Declared in this first section are the activities, sounds, and senses of a
night in Antigua. In the second section, the first person voice of the
narrator tells of a dream she has of herself "in the night." The narrator
recounts, in the third section, what "no one has ever said to me:" a
loving appreciation by a girl and her family of her father the night-soil
man. The fourth section reverts to the third person narrator to describe
another series of activities. In the last section, the first person narrator
returns to describe the future she sees for herself.
Inversely to Brooks's claim that temporalityy is a problem, and an
irreducible factor of any narrative statement in a way that location is
not" (22), in "In the Night" location is an irreducible factor of the story,
while temporality becomes an element of play. The story begins: "In
the night, way into the middle of the night, when the night isn't divided
like a sweet drink into little sips, when there is no just before midnight,
or just after midnight, when the night is round in some places, flat in
some places, and in some places like a deep hole, blue at the edge,
black inside, the night-soil men come" (6). The spatiality of the night
folds time into location rather than vice versa. "Round in some places,


flat in some places" describes a topography. The deep hole evokes
Caribbean history and the Middle Passage and also the space of the
outhouse holes that constitute Antiguan plumbing in the 1950s and
that the "night soil men" clean. "Blue at the edge, black inside" can
refer to an island at night or to an island with a population of African
descent. Although various characters' nighttime preparations for
"tomorrow" and the last section's projection into "one day" might
suggest that "In the Night" progresses from dusk to dawn, the night of
the story does not obey rules of time or progression.

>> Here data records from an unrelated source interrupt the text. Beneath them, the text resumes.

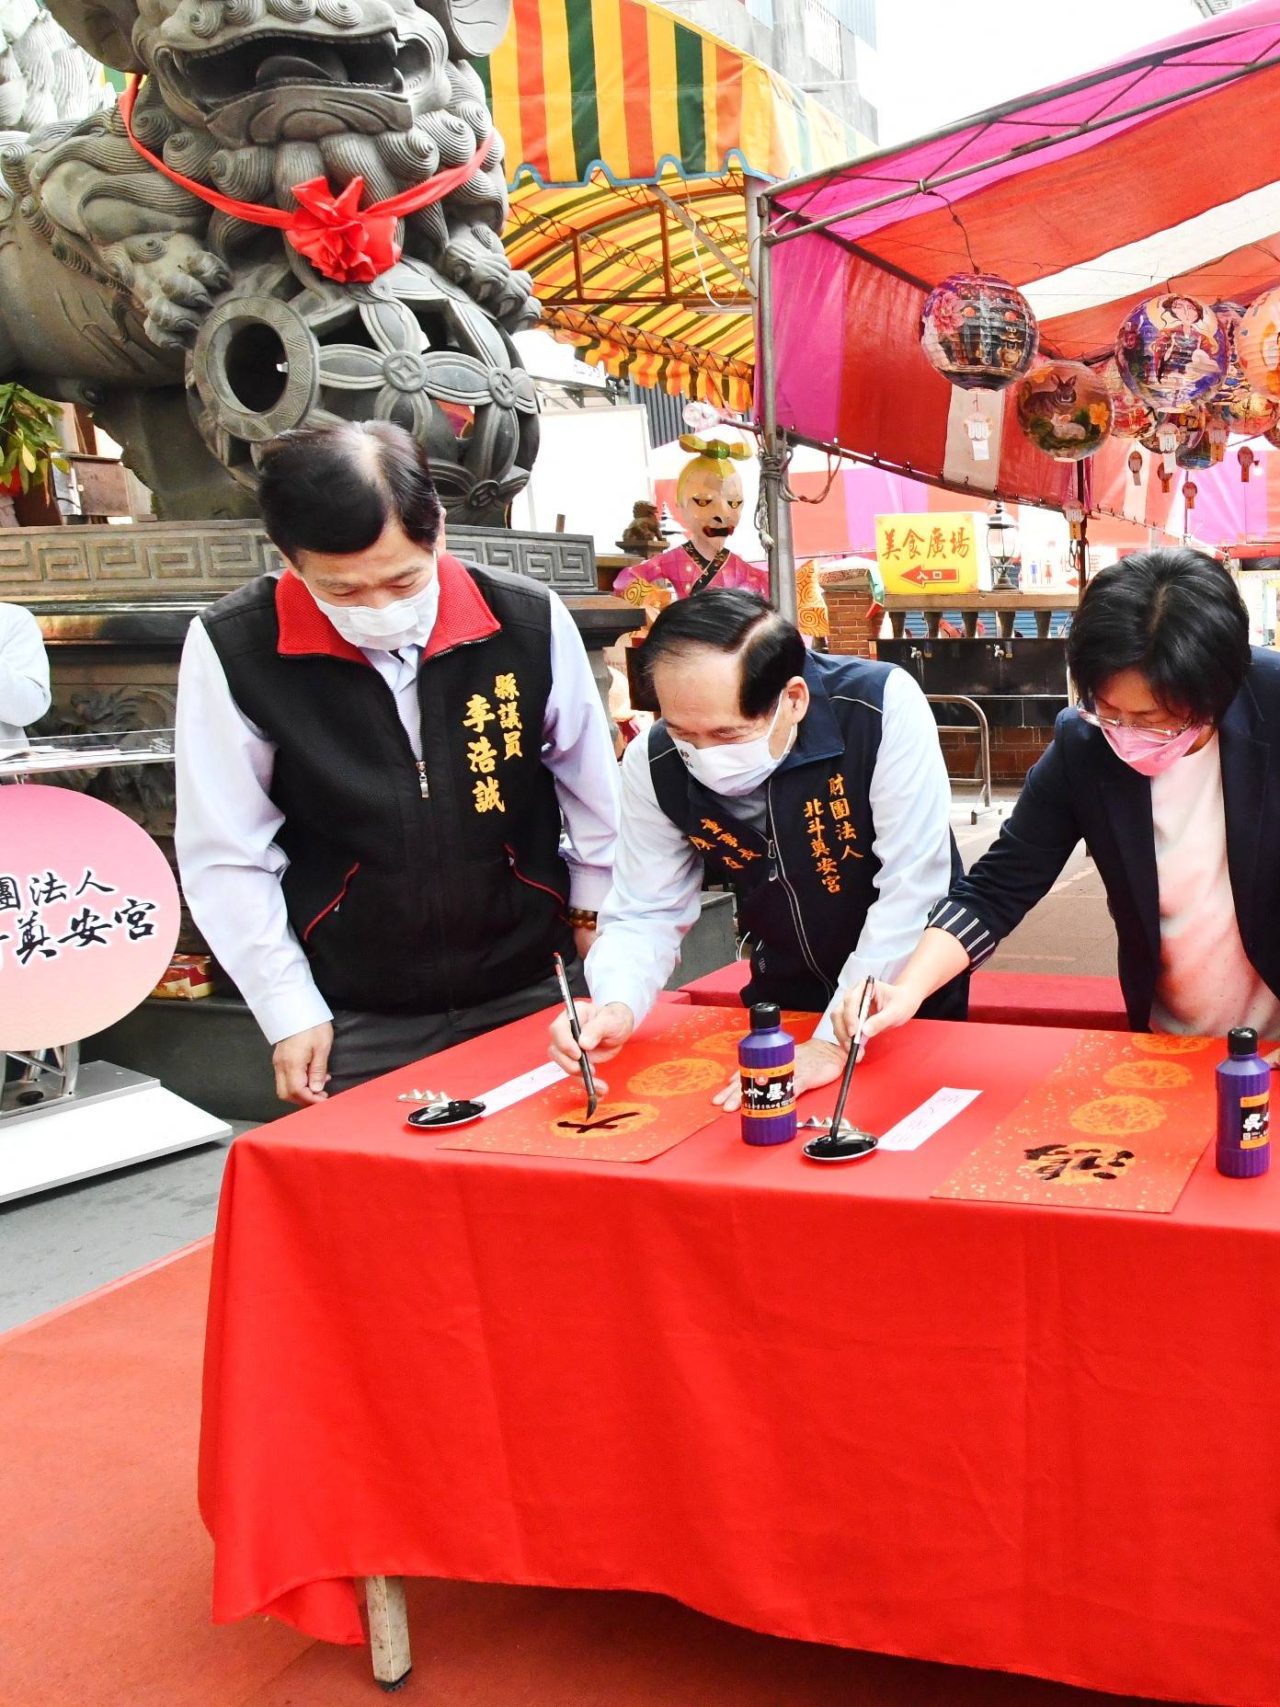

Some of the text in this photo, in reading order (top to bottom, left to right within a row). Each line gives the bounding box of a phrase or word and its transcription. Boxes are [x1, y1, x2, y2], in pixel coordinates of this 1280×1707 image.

[882, 527, 970, 560] 美食廣場
[916, 571, 942, 580] 入口
[462, 693, 505, 813] 李浩誠
[494, 672, 523, 760] 縣議員
[803, 798, 841, 894] 北斗奠安宮
[828, 773, 863, 860] 財團法人
[0, 899, 156, 965] 奠安宮

It is an endless
middle without beginning or end; it is a time that is also a space.
In Brooks's account, the middle only appears in relation to the
beginning and the end as the space of the detours that confirm the
rule of heterosexuality. The middle of "In the Night," however, exists
outside of the succession that beginning and ending require. Not only
is "in the night" described as a place/time "when there is not just before
midnight, midnight, or just after midnight" (6), "In the Night" is a story
that does not follow any narrative structure of progression or
resolution. The story begins "way into the middle," and the subsequent
series of sections cannot move the plot in any particular direction since
they only relate to each other tangentially.
The subjects of "In the Night's" first sentence are the night-soil men
who clear the outhouses of the day's waste. Although the night exists in
relation to the day, the relation is not one of neatly opposing terms such
as dark/light, invisible/visible. "In the Night" the night-soil men, or the
narrator watching them, are able to see the truth of things that are not
as they appear: "The night-soil men can see a bird walking in the trees.
It isn't a bird. It is a woman who has removed her skin and is on her way
to drink the blood of her secret enemies" (6). In the night when spirits
walk freely, shifting appearances can be seen and seen through.
Along with the masks of magic creatures, in the night the false veneer
covering heterosexuality becomes transparent:

There is the sound of a man groaning in his sleep; there is the sound
of a woman disgusted at the man groaning. There is the sound of the
man stabbing the woman, the sound of her blood as it hits the floor.
the sound of Mr. Straffee, the undertaker, taking her body away. There
is the sound of her spirit, back from the dead, looking at the man who
used to groan; he is running a fever forever. (7)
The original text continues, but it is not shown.